O. G. era um escritor sincero. Encarnou a máxima dostoiévskiana: para escrever bem, é preciso sofrer. Ou o ensinamento que Horácio dava aos poetas de seu tempo: “Chora tu primeiro, se queres que teu leitor se comova”. Por isso, indagou: “Como quer você, escritor, que o leitor se comova com o que você escreve, se você não chora diante do que você escreve? Se você não sente aquilo que está escrevendo? Como é que você quer que o leitor sinta também?
Ele lamentou que falte à maioria do escritores piauienses a sinceridade de escrever “como se estivesse rasgando o coração”. De minha parte, digo que ela está ausente também na maioria dos aspirantes a escritores oeirenses. Daí as emoções falsificadas que imperam em muitos textos.
O. G. tinha um tratamento cuidadoso com a linguagem. Por isso, a qualidade musical altamente sugestiva. O cuidado com a escritura, porém, não pode desviar-se em empolamento da linguagem, equívoco bastante recorrente em boa parte de textos de aspirantes literários.
Esse cuidado com a escritura, certamente, existe em função de alcançar uma linguagem cada vez mais precisa e sugestiva. Como o próprio O. G. recomendou, em literatura, deve-se sugerir, mais do que dizer, postulado que me leva a classificar os autores em duas categorias: o escritor e o escriba. O escritor sugere mais do que diz; o escriba tenta dizer tudo e esmaga com palavras as entrelinhas, como diria Clarice Lispector.
A aguda consciência crítica de O. G o fez reduzir as duzentas páginas iniciais de Ulisses para apenas cem. O minimalismo proporcionou um livro enxuto, em prosa poética de alto valor, como é exemplo a passagem que narra a morte do pai: “Quente era a manhã, em julho, quando meu pai se deitou, as pálpebras baixando. E puro, e distante, e feliz, encarou o céu e o tempo”.
O. G. é um exemplo não só de estética, mas de ética. Do ponto de vista literário, ele não fez concessões à má escritura e, graças a Deus, não foi um escritor “engajado”. Do ponto de vista ético, é preciso mencionar a honestidade de suas atitudes, como, por exemplo, a motivação de escrever Somos Todos Inocentes. O próprio O. G. explicou: “Eu tinha brigado com todo o mundo em Teresina, defendendo minhas idéias. Na época, eu tinha 26 anos de idade. Jovem que não briga pela suas idéias aos 26 anos é um jovem fracassado, é um velho precoce”.
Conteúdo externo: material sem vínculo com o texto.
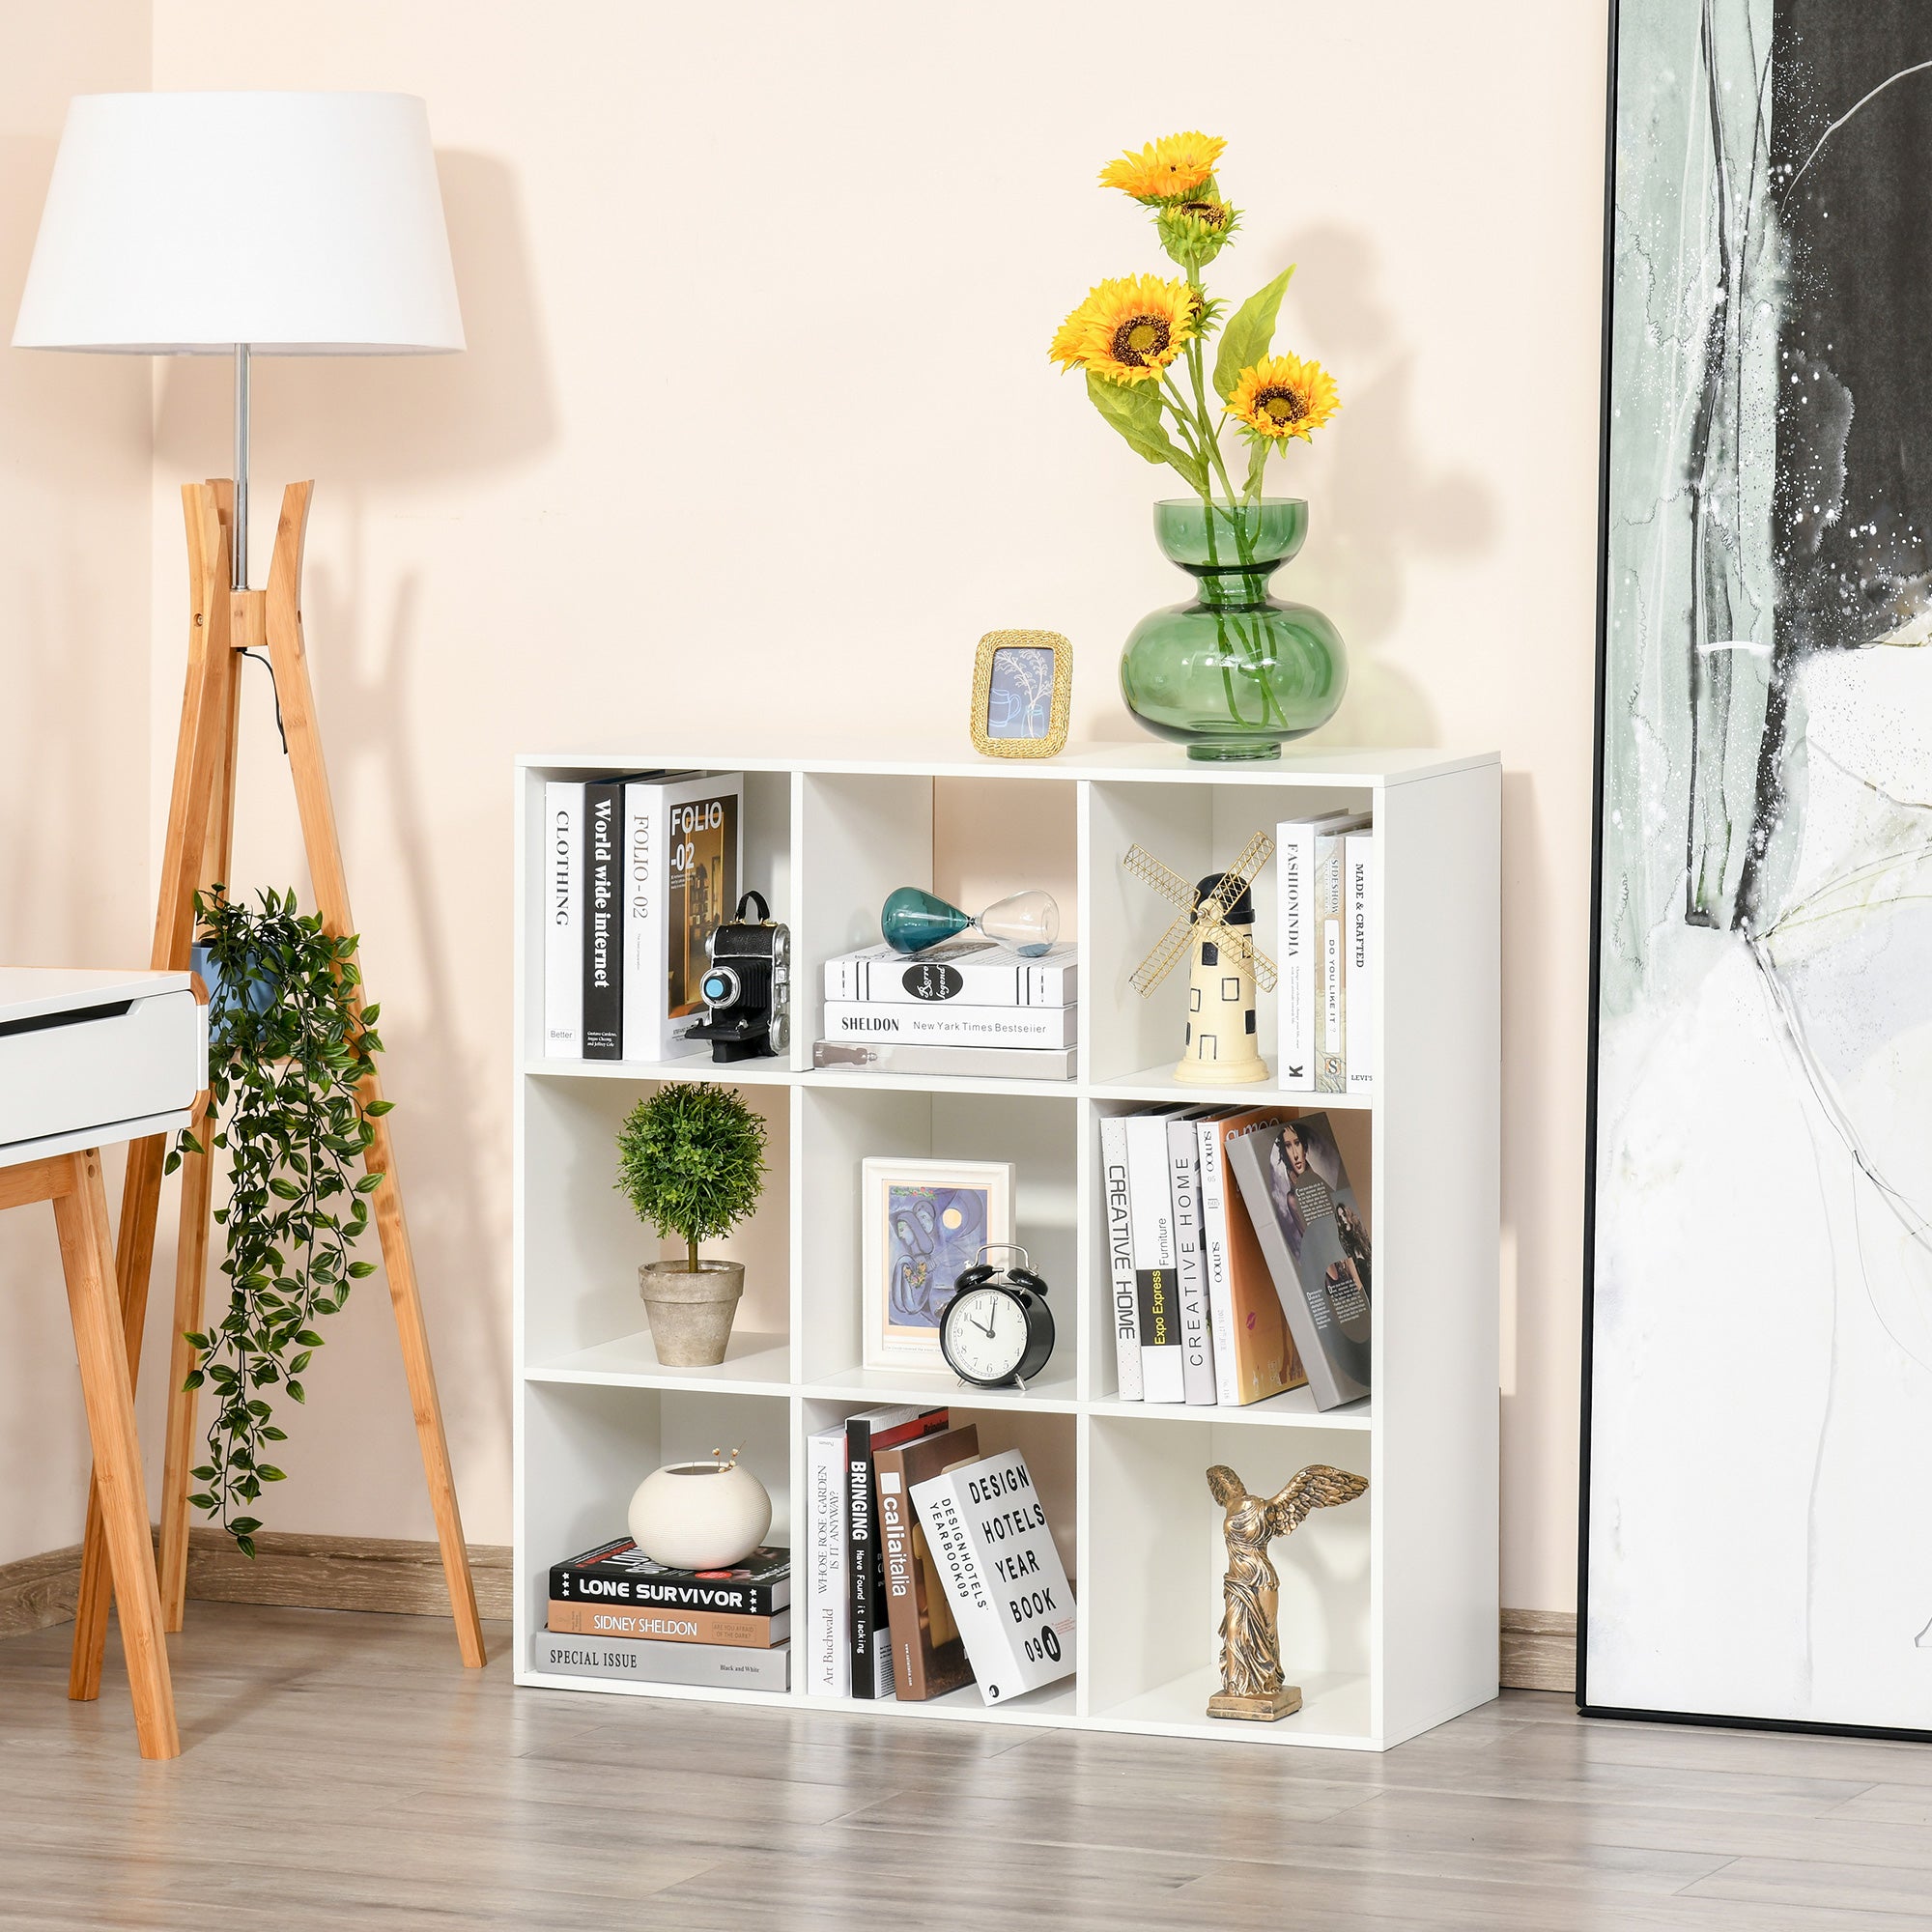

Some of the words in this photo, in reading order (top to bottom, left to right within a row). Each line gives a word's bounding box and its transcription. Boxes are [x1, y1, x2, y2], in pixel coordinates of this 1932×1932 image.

“E eu fui para o Rio de Janeiro e escrevi um livro com o título Somos Todos Inocentes, que, na verdade, é um sarcasmo. Eu quero dizer que todos somos culpados, mas que atiramos sobre os outros as culpas dos nossos fracassos, dos nossos ressentimentos, das nossas ansiedades. Nós atiramos a culpa nos outros, nós nos julgamos inocentes”.
Mesmo sendo considerado pela crítica o seu livro “mais fraco”, Somos Todos Inocentes é um romance que merece ficar de pé em qualquer estante. Sua importância para Oeiras é enorme. Além da qualidade literária, o livro é uma radiografia “por dentro” da cidade. A decadência do Sobrado e o caráter de personagens como Raul, em última análise, são sintomas de uma sociedade em crise continuada e sinais de colapso civilizatório.
Disse uma vez O. G. que era um “estranho no ninho” em Teresina. Quero crer também que era – e continua sendo – um “estranho no ninho” em Oeiras. Não se afastou um milímetro de sua proposta de construir uma obra de alto valor estético, calcada na verdade humana.